Seong-Joon Koh, Youn-I Choi, Yuri Kim, Yoo-Sun Kim, Sang Woon Choi, Ji Won Kim, Byeong Gwan Kim, Kook Lae Lee

Walnuts (Juglans regia) are known to have anti-cancer and immunomodulatory effects. However, little information is available on the effects of walnut phenolic extract (WPE) on intestinal inflammation and colitis-associated colon cancer. COLO205 cells were pretreated with WPE and then stimulated with tumor necrosis factor (TNF)-α. In the acute colitis model, wild type mice (C57BL/6) were administered 4% dextran sulfate sodium (DSS) for 5 days. In the chronic colitis model, interleukin (IL)-10-/- mice were administered with either the vehicle or WPE (20 mg/kg) by oral gavage daily for 2 weeks. In an inflammation-associated tumor model, wild type mice were administered a single intraperitoneal injection of azoxymethane followed by three cycles of 2% DSS for 5 days and 2 weeks of free water consumption. WPE significantly inhibited IL-8 and IL-1α expression in COLO205 cells.

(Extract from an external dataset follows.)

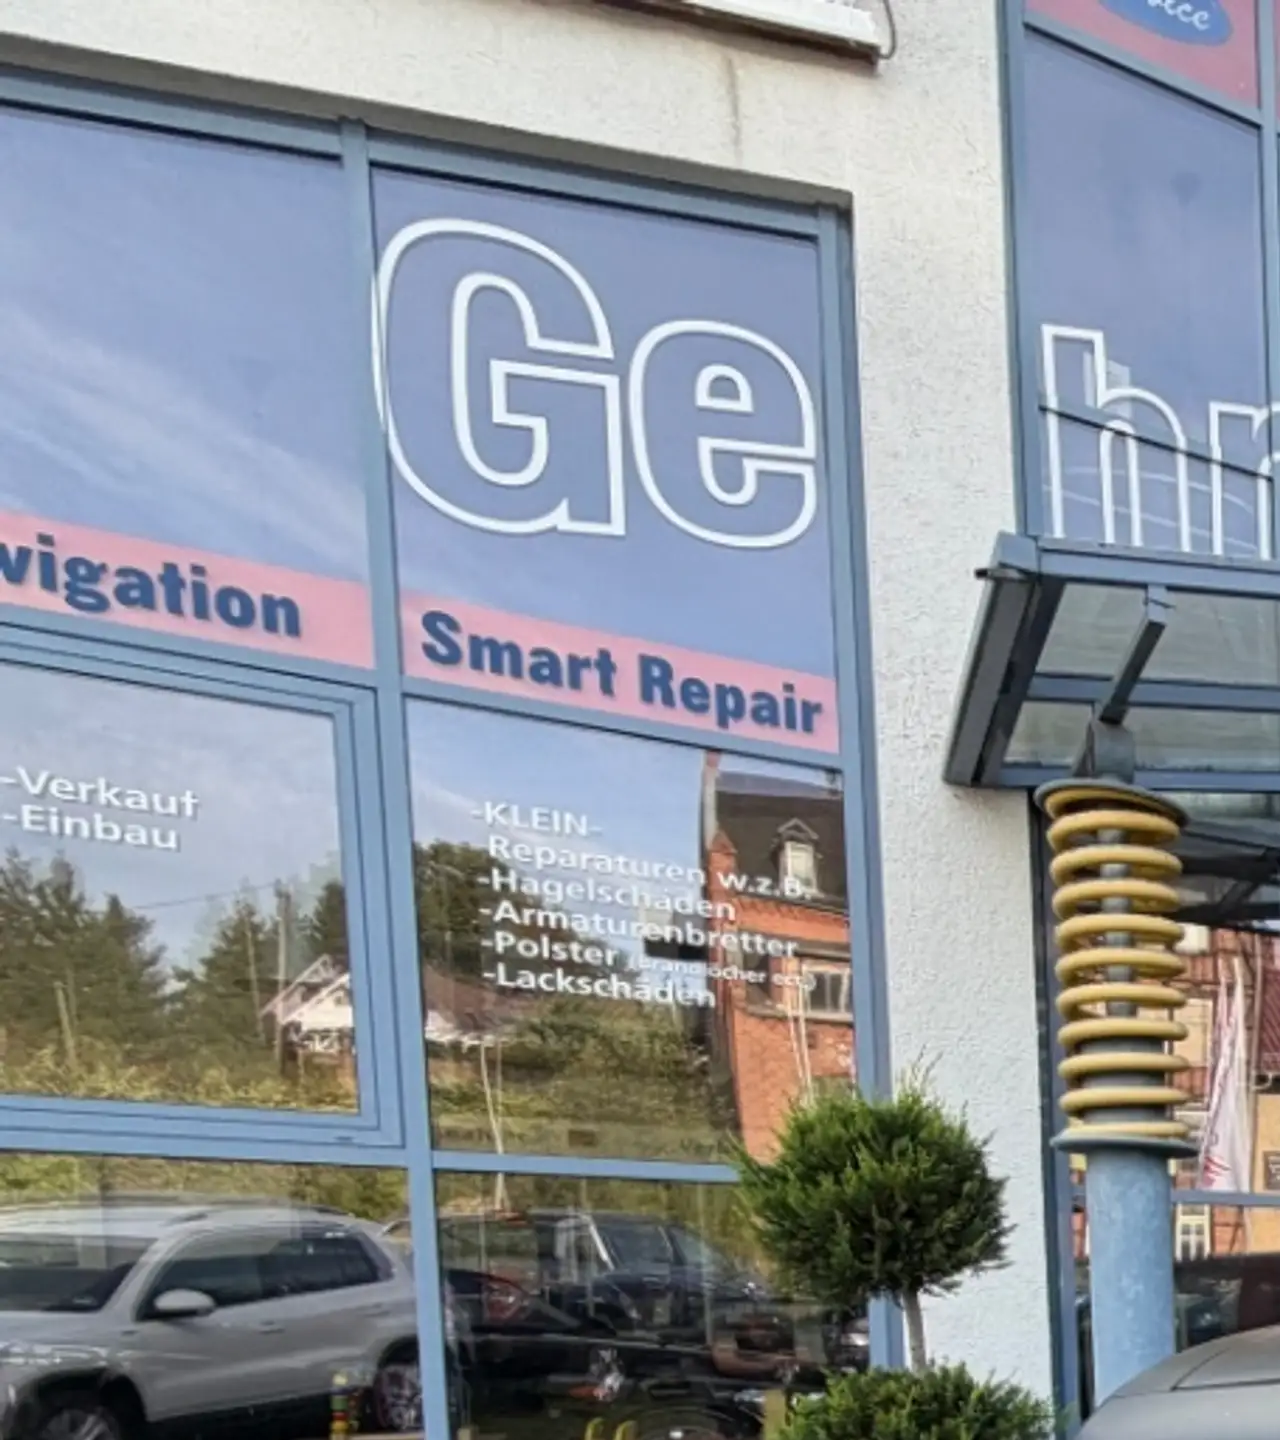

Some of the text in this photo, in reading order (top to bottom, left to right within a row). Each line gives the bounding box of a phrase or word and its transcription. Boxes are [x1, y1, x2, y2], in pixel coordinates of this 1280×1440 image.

WPE attenuated both the TNF-α-induced IκB phosphorylation/degradation and NF-κB DNA binding activity. The administration of oral WPE significantly reduced the severity of colitis in both acute and chronic colitis models, including the IL-10-/- mice. In immunohistochemical staining, WPE attenuated NF-κB signaling in the colons of both colitis models. Finally, WPE also significantly reduced tumor development in a murine model of colitis-associated colon cancer (CAC). WPE ameliorates acute and chronic colitis and CAC in mice, suggesting that WPE may have potentials for the treatment of inflammatory bowel disease.